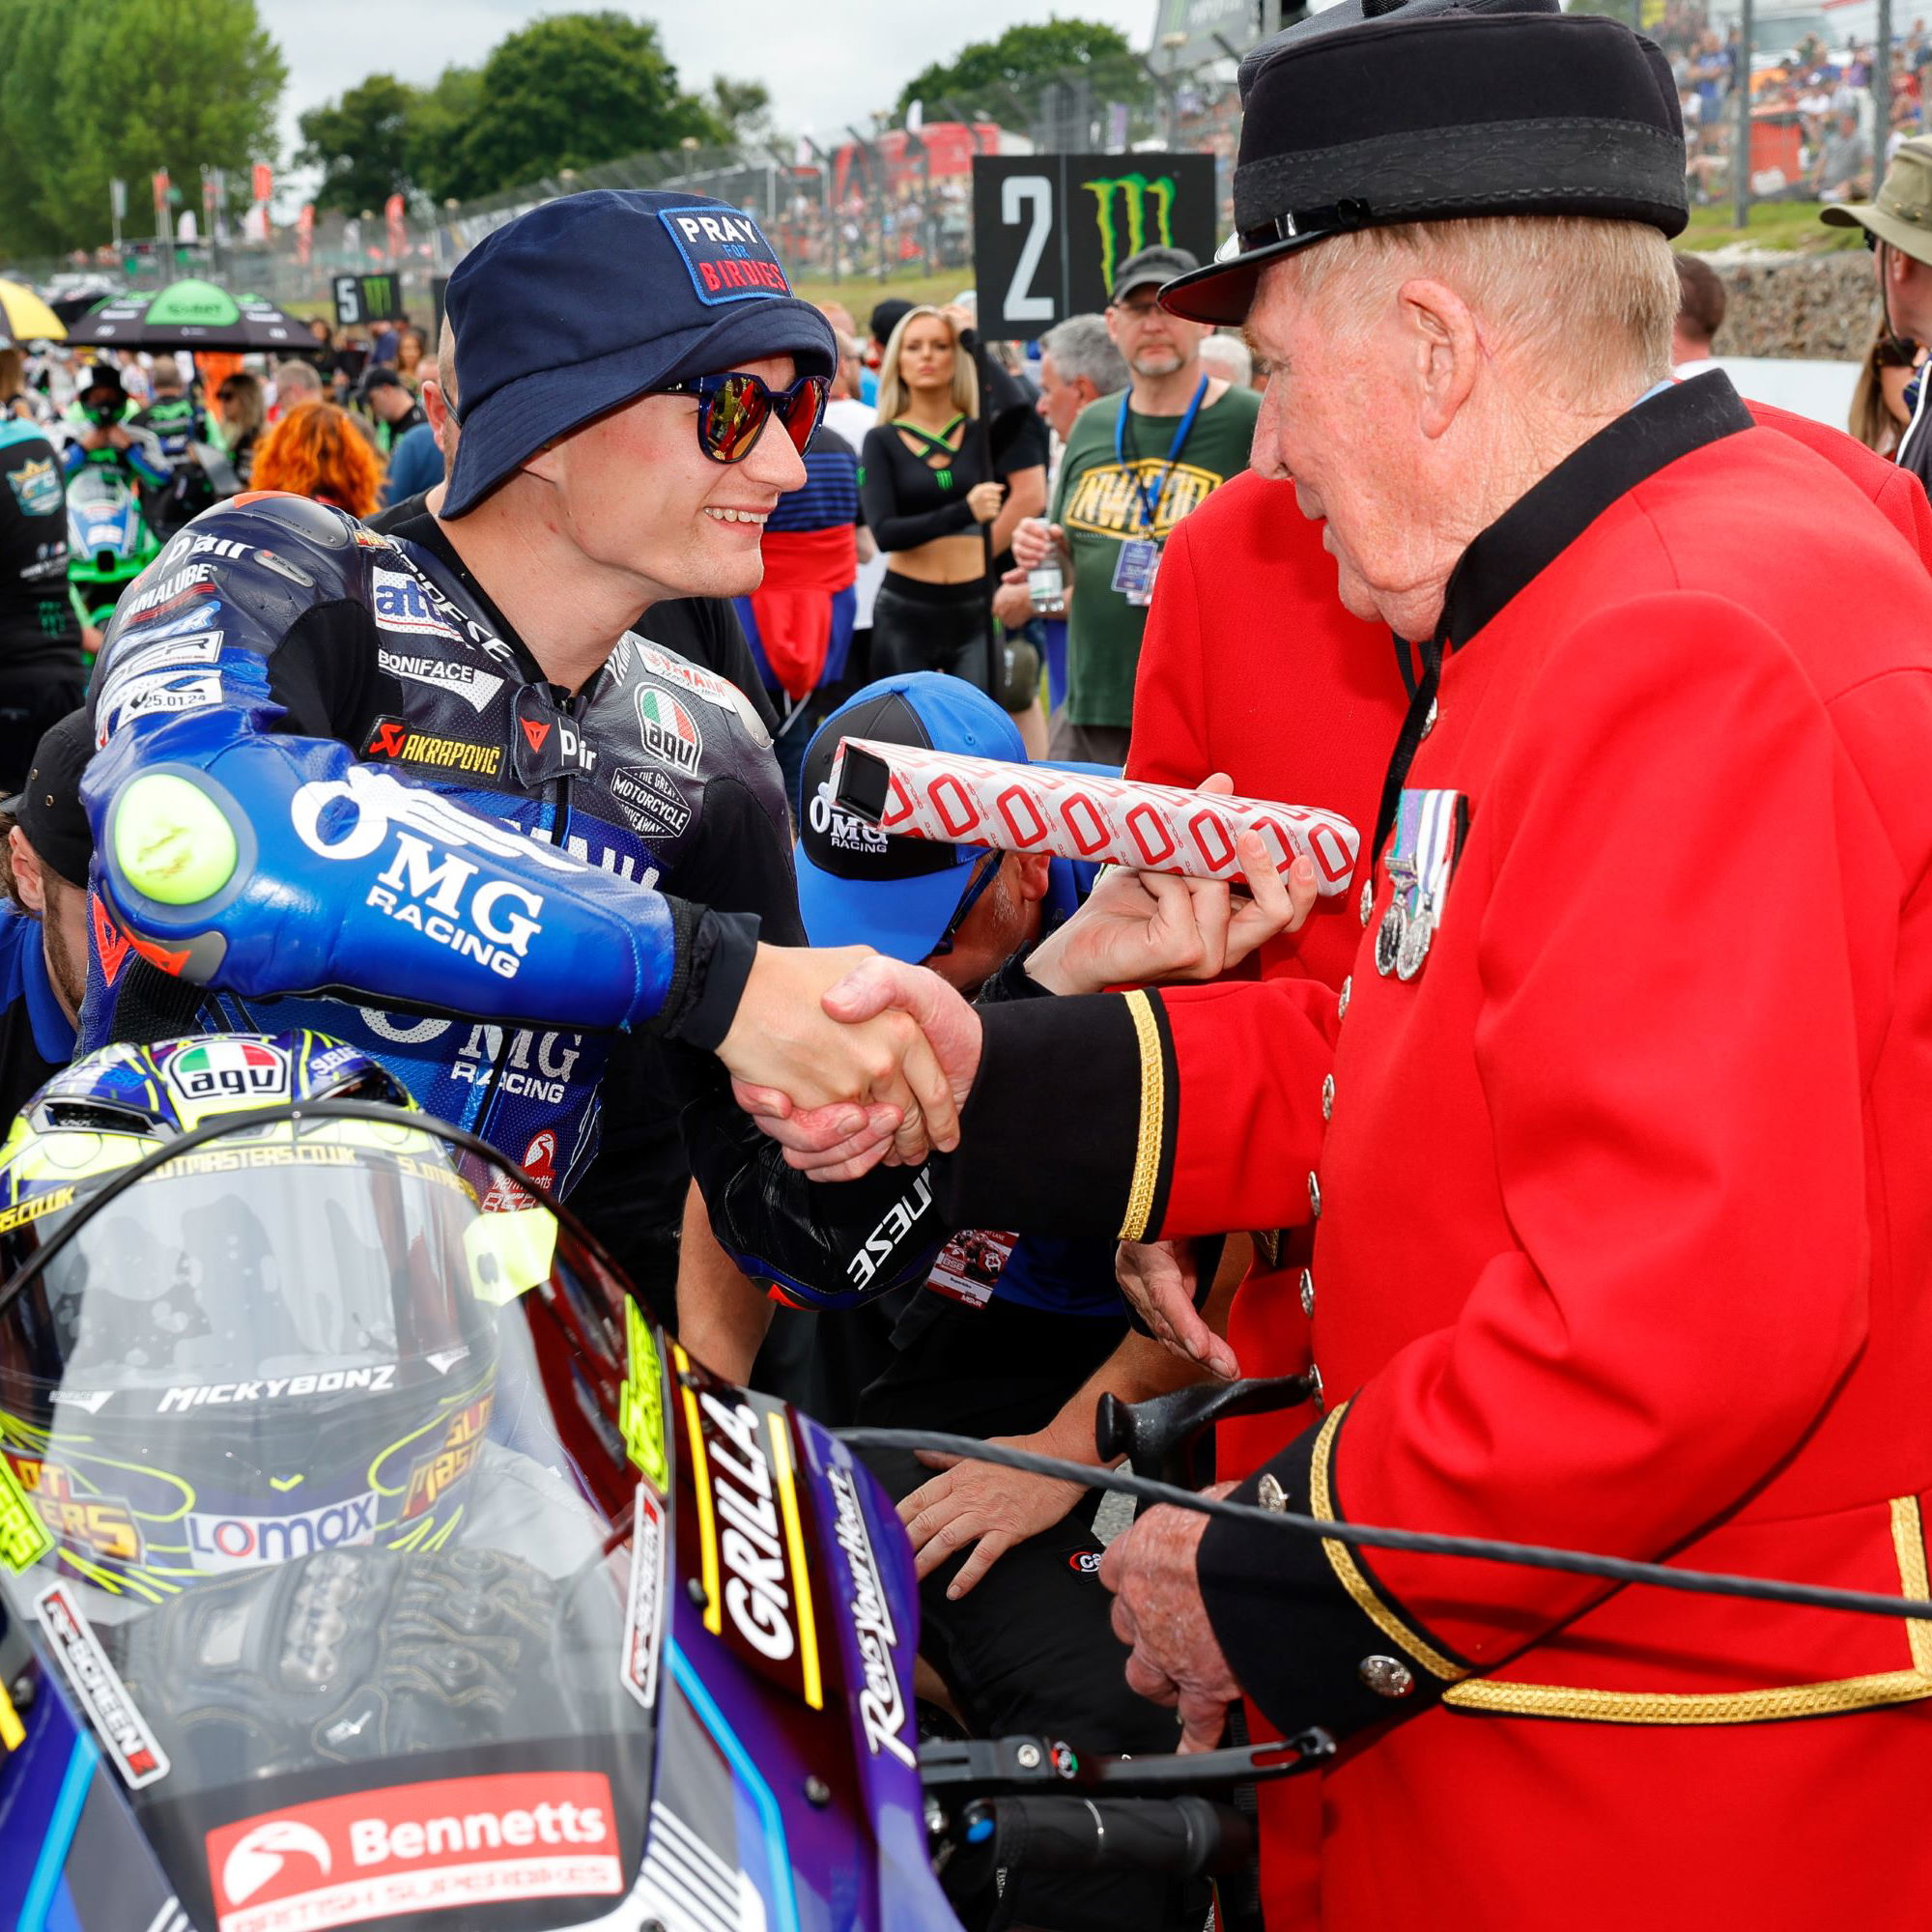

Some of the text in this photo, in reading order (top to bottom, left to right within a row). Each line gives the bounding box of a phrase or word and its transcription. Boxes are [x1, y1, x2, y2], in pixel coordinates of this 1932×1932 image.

[676, 216, 757, 243] PRAY
[1001, 177, 1054, 321] 2
[722, 244, 751, 259] FOR
[698, 260, 788, 292] BIRDIES
[336, 277, 359, 323] 5
[378, 649, 473, 683] BONIFACE
[648, 723, 695, 767] agv
[612, 774, 689, 831] MOTORCYCLE
[639, 771, 677, 799] THE GREAT
[831, 837, 888, 853] RACING
[291, 780, 544, 956] OMG
[366, 884, 522, 979] RACING
[190, 1068, 274, 1094] agv
[450, 1061, 566, 1104] RACING
[846, 1167, 933, 1292] NESE
[943, 1257, 965, 1271] BSB
[156, 1364, 396, 1413] MICKYBONZ
[699, 1391, 794, 1661] GRILLA
[1079, 1552, 1102, 1570] ca
[349, 1802, 608, 1866] Bennetts

About this exercise>
Copy each line of the listing exactly, skipping any picture.

Output of the task>
Some of the text in this photo, in reading order (top to bottom, left to right within a row). Each line gives the bounding box of a phrase or word and its transcription. Boxes are [x1, y1, x2, y2], in pixel coordinates of this 1932×1932 image.

[676, 216, 757, 243] PRAY
[1001, 177, 1054, 321] 2
[722, 244, 751, 259] FOR
[698, 260, 788, 292] BIRDIES
[336, 277, 359, 323] 5
[378, 649, 473, 683] BONIFACE
[648, 723, 695, 767] agv
[612, 774, 689, 831] MOTORCYCLE
[639, 771, 677, 799] THE GREAT
[831, 837, 888, 853] RACING
[291, 780, 544, 956] OMG
[366, 884, 522, 979] RACING
[190, 1068, 274, 1094] agv
[450, 1061, 566, 1104] RACING
[846, 1167, 933, 1292] NESE
[943, 1257, 965, 1271] BSB
[156, 1364, 396, 1413] MICKYBONZ
[699, 1391, 794, 1661] GRILLA
[1079, 1552, 1102, 1570] ca
[349, 1802, 608, 1866] Bennetts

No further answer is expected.